I knew I liked Del Toro, his movies have been pretty damn awesome but the absolute beauty I see hinted at in the preview to this movie, combined with his joy at sharing the process of practical monstery made me totally fall in love. I’m a huge fan now.

Actually, it inspired me to launch this whole blog about movie practical effects.

The fact that all of this would be lost in a twitter feed saddened me, so I captured it. First, I tried simply embedding his tweets so no one could come along later and request I remove the images, but twitter embeds in wordpress do some really dumb stuff that makes them super hard to follow, especially when embedding replies and threads. So, I pulled the images and embedded them along with Del Toro’s captions below.

 


 

 

Early “breakdown” maquette by Legacy FX (many years before production) to break down different materials for suit.

The scupltural detailing changes quite a lot after Mike Hill came on board and we broke it down “at scale” (no pun intended).

 

is a great artist and a great pal. May I take this moment to memorialize that in 2013 when he joined me on the quest for Shape of Water, both him and Vince did so at a 1/5 of their fee and w no assurance it would never come to be?

 

Early stuff: Conceiving the tanks, the creature etc took us from 2013-2014 and that design process was not financed by any studio. Legacy FX, Guy Davis and Vince Proce were great collaborators.

 

Concepts and doodles (2012-2014) Vince Proce, Guy Davis and me (oldest sketch).

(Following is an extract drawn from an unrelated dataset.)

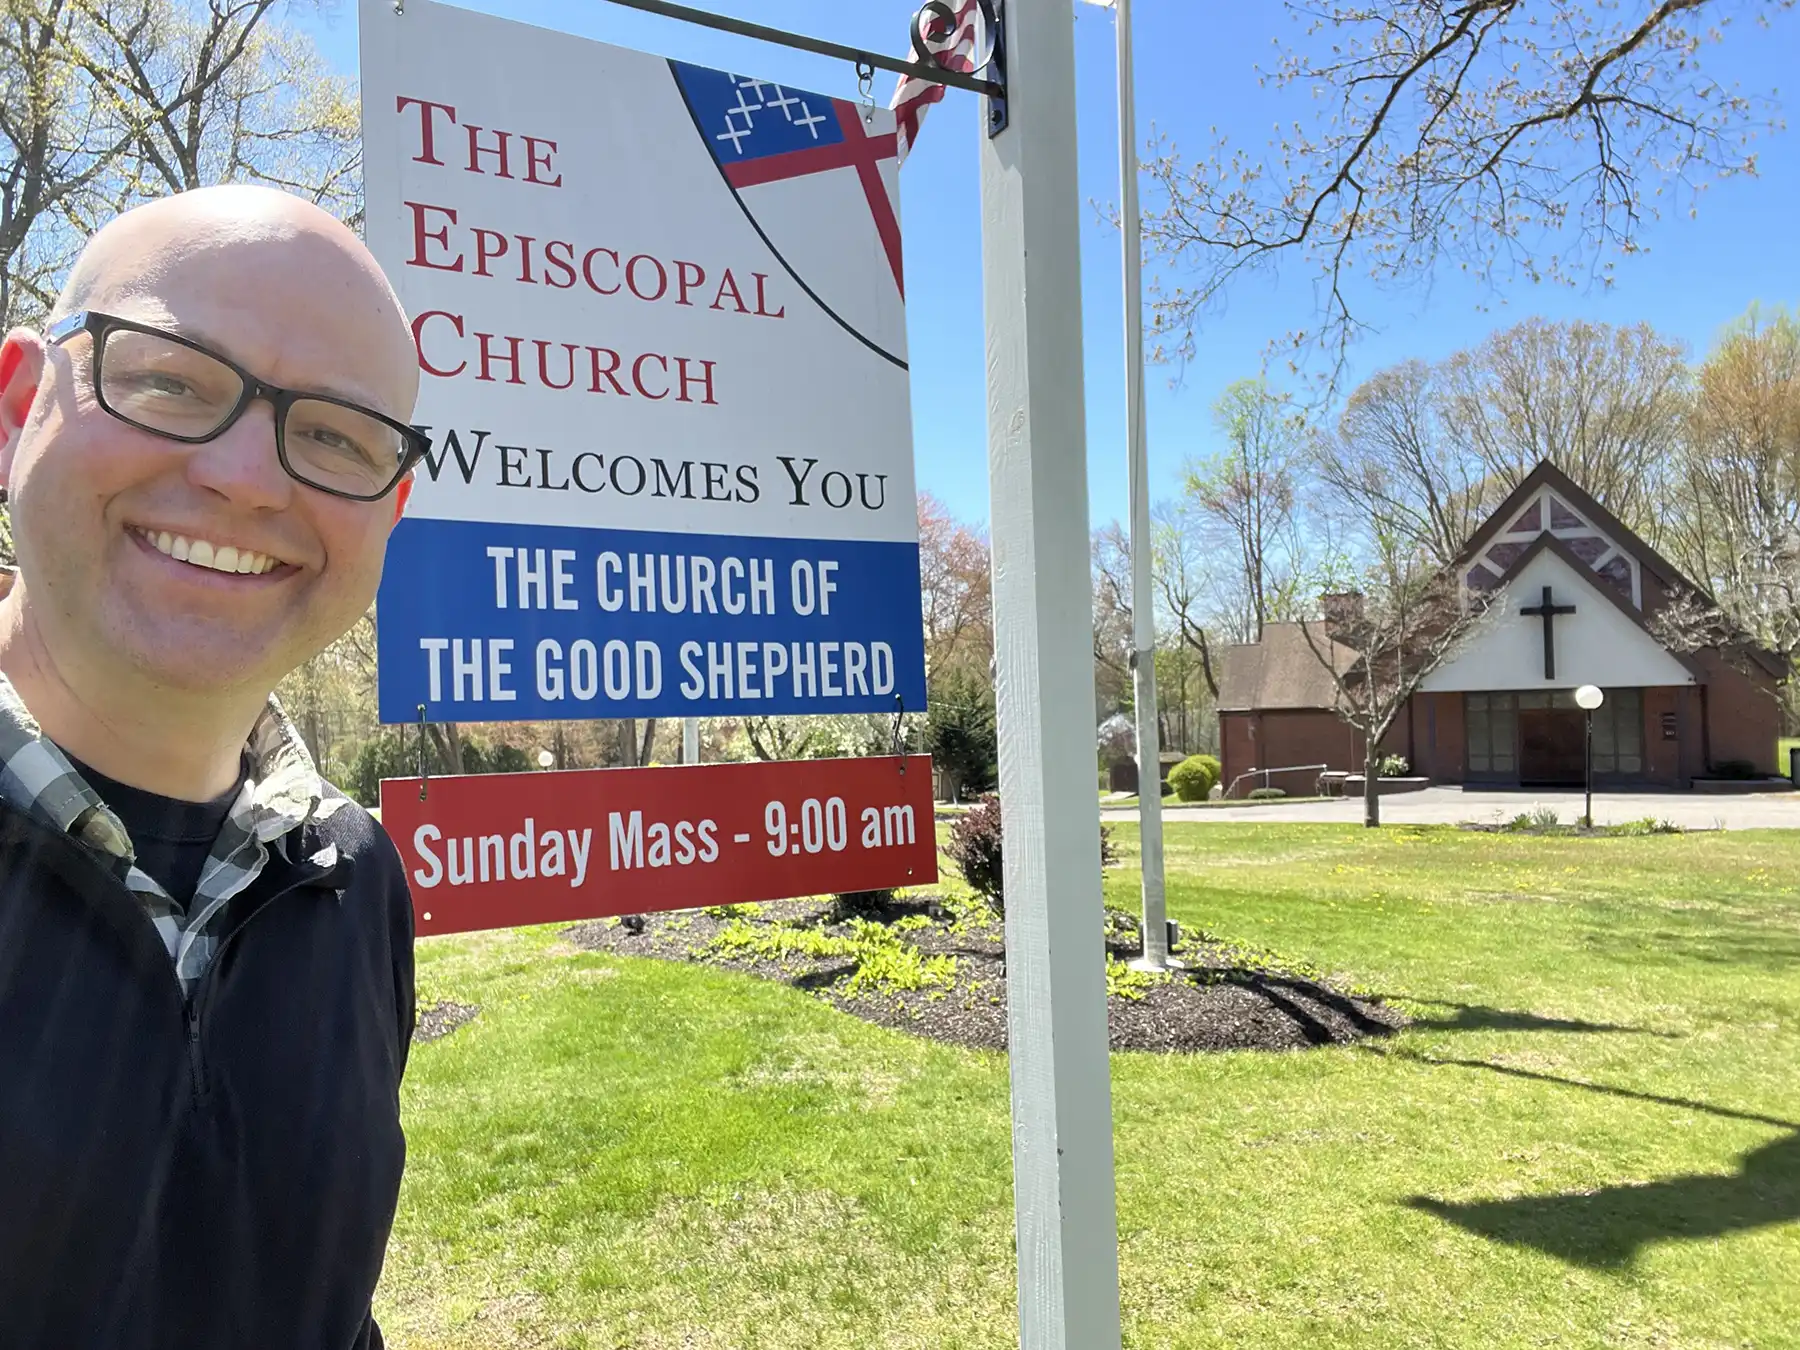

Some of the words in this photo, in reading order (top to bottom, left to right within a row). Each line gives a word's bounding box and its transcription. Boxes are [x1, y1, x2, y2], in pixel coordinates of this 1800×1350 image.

3 Tweets on creature detailing: I have said this before, but… Painting is underpainting and overpainting. Transparencies of color, no solids, mottling, and stenciling and detailing and NOT following form but “crossing” over it…

In the same manner, the best is to layer the sculpting, so you start with the basic shape and volume (lines that flow, echo each other, give a sense of weight, etc) and remove what doesn’t work (we removed the shoulder fins, too busy)

Then you add detailing, pores, veins, bumps, scars- all very subtle and seldom NOT to be highlighted by paint. You are “painting” with volume (your light will show these details.

One of my diary doodles for

Two more doodle/notes for obviously the budget prevented me from having the scale of the first one but we used the “sun ray” pipes on the film.

Eye paint test (physical sculpt and paint). Pupil too wide. We changed it.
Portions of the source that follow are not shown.